Da Época
Eles sabiam o furor que causariam naquela sexta-feira. Nem
por um instante subestimaram o que um avanço sobre um dos líderes políticos
mais importantes da América Latina provocaria na opinião pública, no meio
jurídico e no mundo político. Os integrantes da Lava Jato – delegados da
Polícia Federal, procuradores da República da força-tarefa e o juiz Sergio Moro
– chegavam ao ex-presidente Luiz Inácio Lula da Silva, naquele 5 de março,
quase dois anos exatos após o início da operação, com cautela e preparo. “Tínhamos
de cruzar esse rubicão”, diz um dos líderes de Curitiba. “É onde as provas do
caso nos conduziram.” Naquela manhã, a
Lava Jato pôs na rua a 24a fase da operação, cruzando o rubicão enquanto parava
o país. Começava ali a fase mais difícil dos dois anos de investigação. A
depender da consistência dos pedidos de busca e apreensão e de condução
coercitiva do ex-presidente, a força-tarefa poderia angariar definitivamente o
apoio da opinião pública em torno das investigações. Ou transformar Lula em mártir.

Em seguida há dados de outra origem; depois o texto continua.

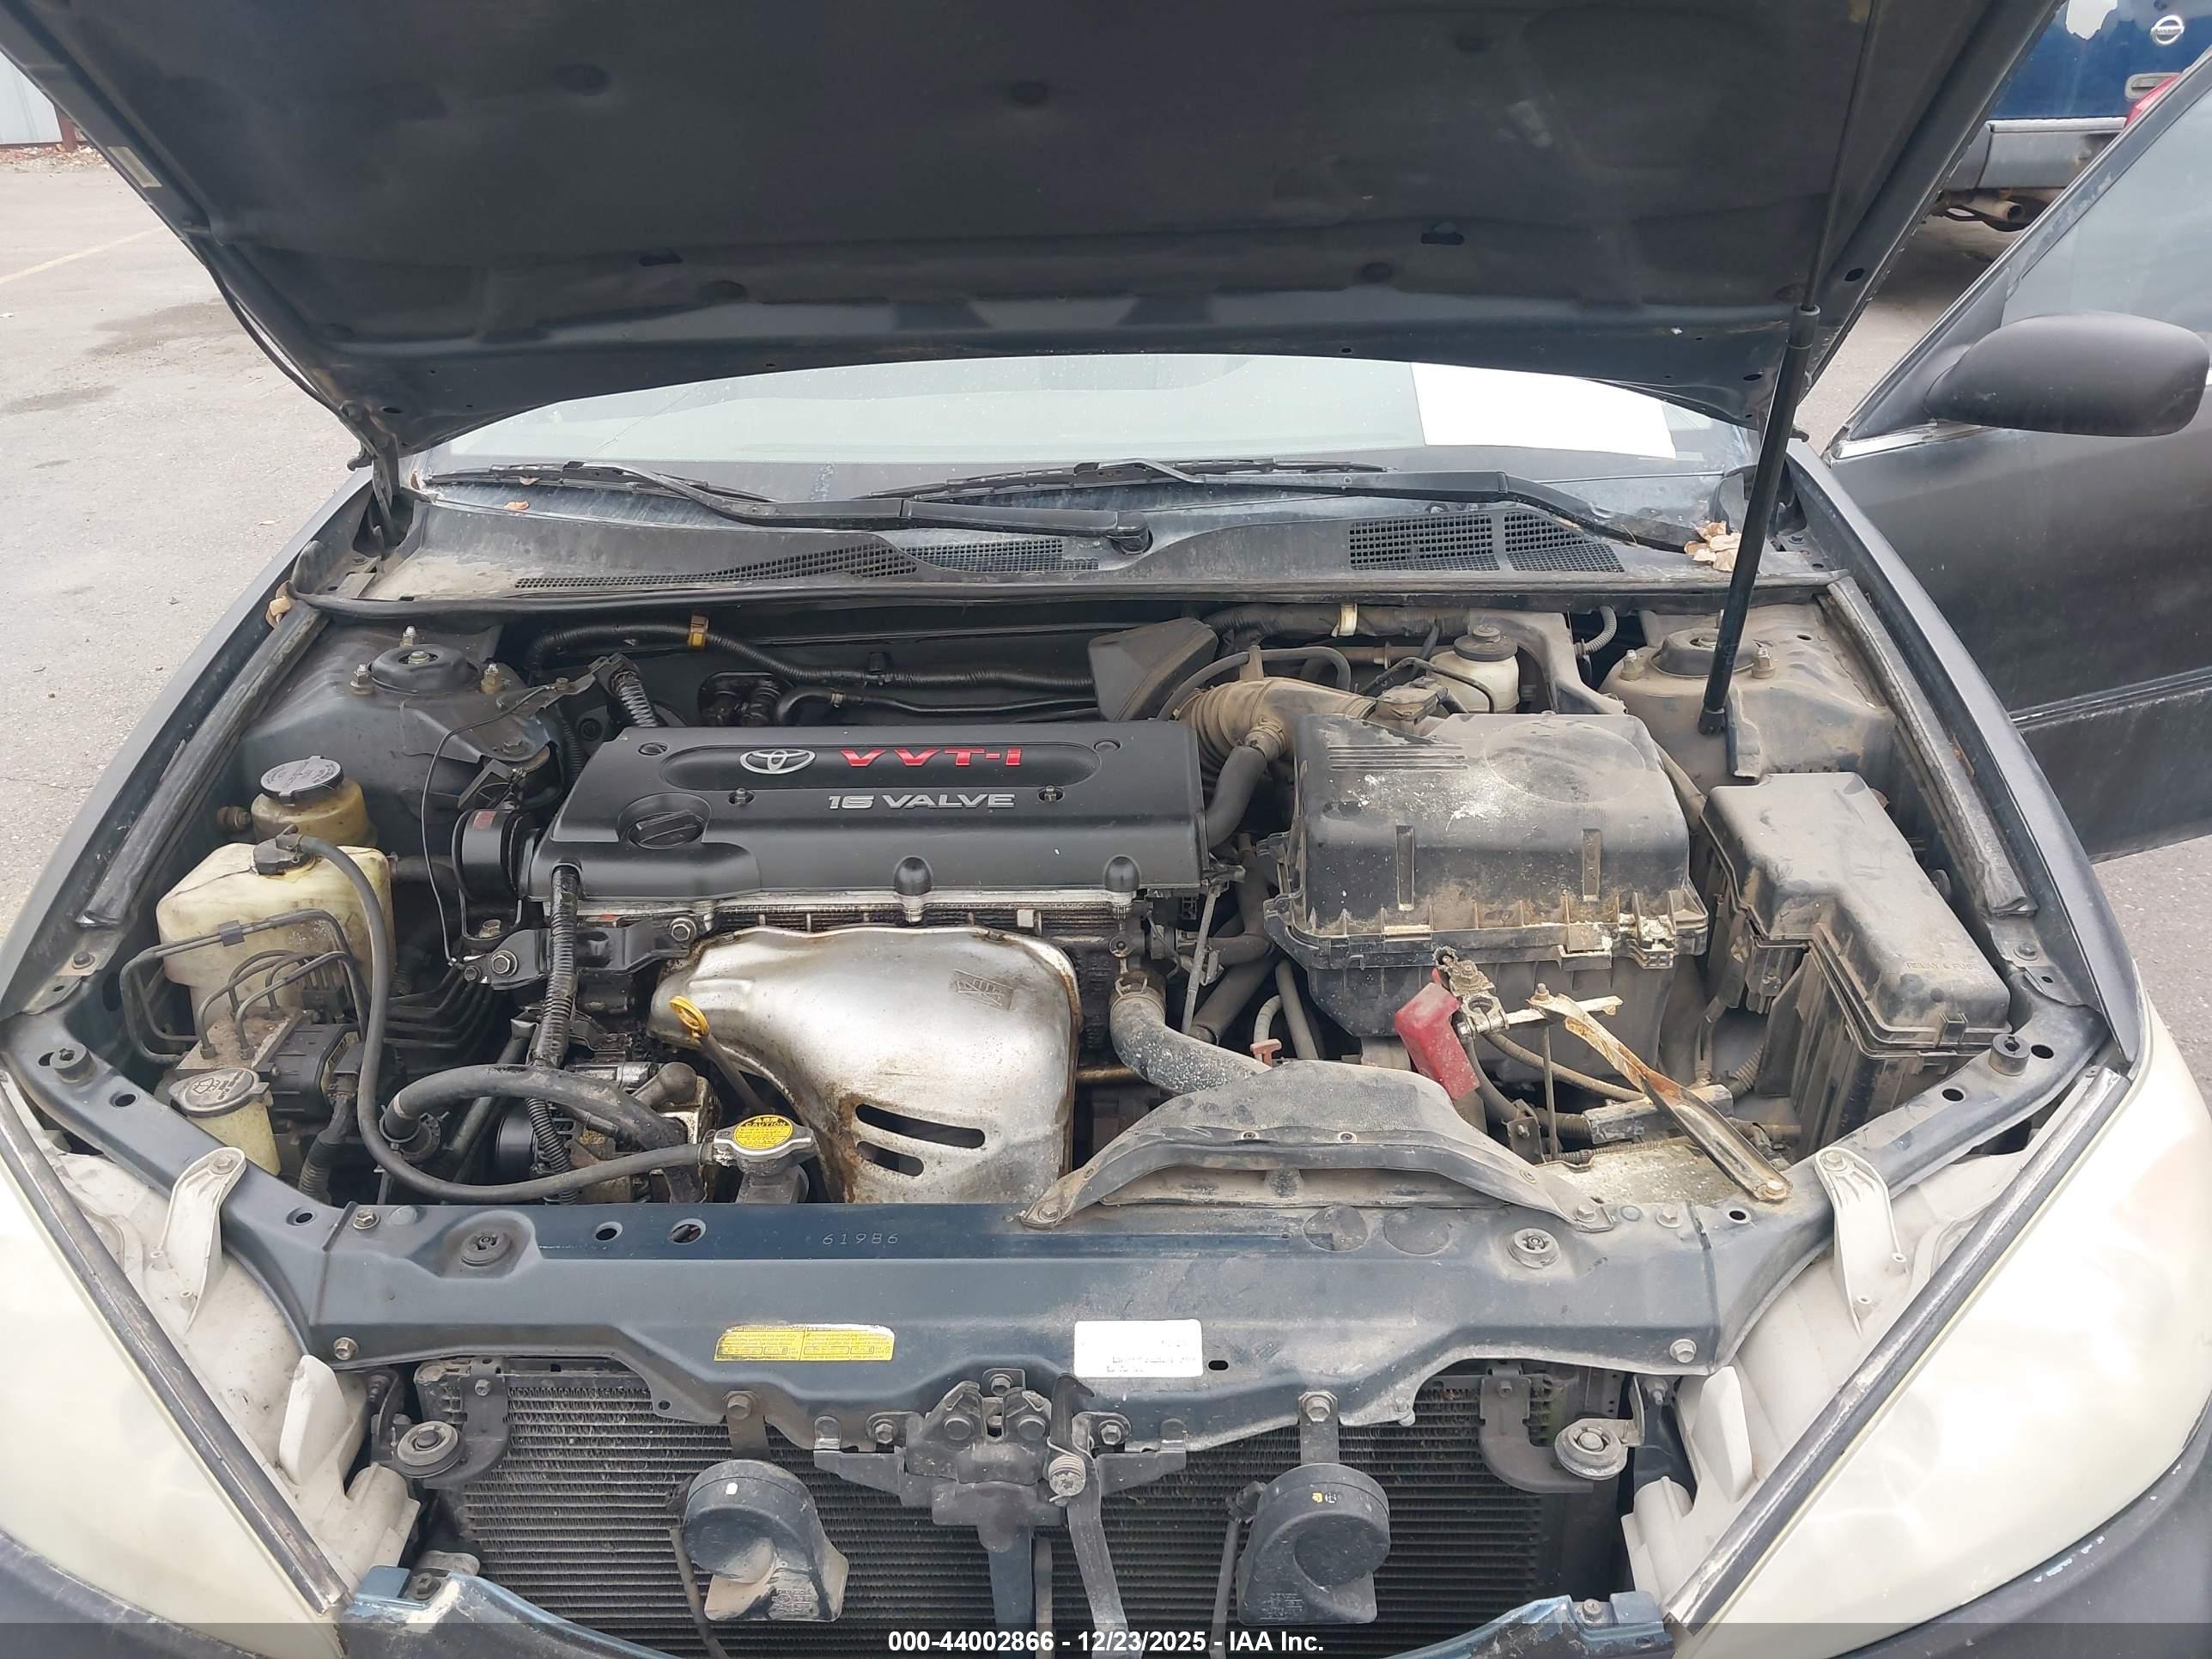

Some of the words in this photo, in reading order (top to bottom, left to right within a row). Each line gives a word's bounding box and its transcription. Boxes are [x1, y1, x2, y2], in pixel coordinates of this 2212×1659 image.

A sobriedade e a segurança técnica eram essenciais para reafirmar o trabalho
realizado desde 2014.
Com isso no horizonte, embora, para alguns, houvesse
elementos que justificassem um pedido de prisão temporária do ex-presidente, os
procuradores optaram por pedir a condução coercitiva, medida menos gravosa,
mais proporcional e já usada 116 vezes ao longo da operação. Moro acatou. O
rebuliço foi imediato e alimentado pelo discurso furioso de Lula ainda naquela
tarde – reação que já era esperada pelos investigadores. O fim de semana foi de
extrema tensão em Curitiba.
Depois de a presidente Dilma Rousseff se dizer inconformada
com a “desnecessária” condução coercitiva de Lula, ela viajou, no sábado, ao
encontro do mentor. Moro soltou uma nota justificando sua decisão. Os
procuradores também. Pela primeira vez desde o começo da Lava Jato, a
presidente da República imiscuiu-se sem pudores num assunto de outro Poder.
Tentou transformar um caso criminal num assunto político, corroborando, em
palavras e gestos, o discurso de vitimização articulado por Lula e pelo PT.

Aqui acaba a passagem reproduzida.